> [Required work] The expected response is the complete listing below, restated exactly, with its pictures omitted.
· · · · ·
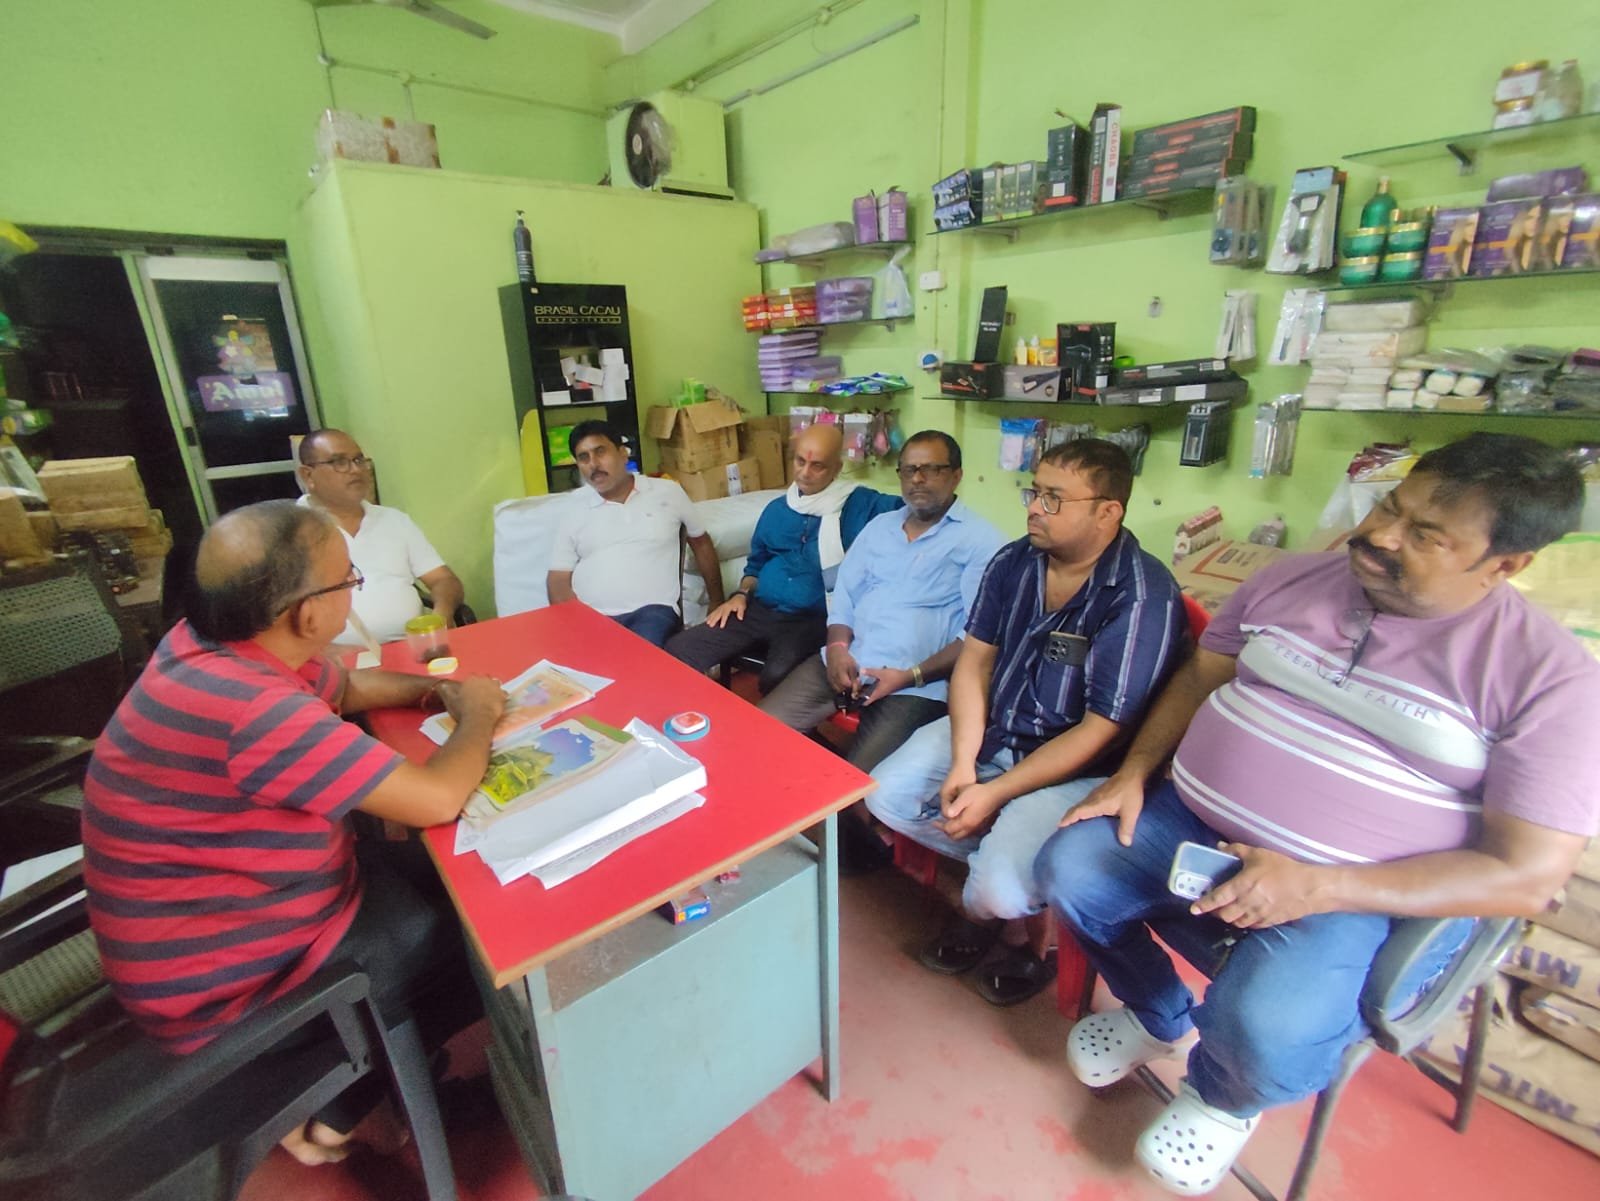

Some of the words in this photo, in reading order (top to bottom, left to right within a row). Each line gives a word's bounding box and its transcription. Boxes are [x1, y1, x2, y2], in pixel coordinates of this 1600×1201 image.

[534, 305, 578, 315] BRASIL
[580, 305, 621, 315] CACAU
[1275, 643, 1312, 668] KEEP
[1364, 690, 1428, 720] FAITH
· · · · ·
> [Exercise output]
Some of the words in this photo, in reading order (top to bottom, left to right within a row). Each line gives a word's bounding box and its transcription. Boxes are [x1, y1, x2, y2], in pixel coordinates of this 1600×1201 image.

[534, 305, 578, 315] BRASIL
[580, 305, 621, 315] CACAU
[1275, 643, 1312, 668] KEEP
[1364, 690, 1428, 720] FAITH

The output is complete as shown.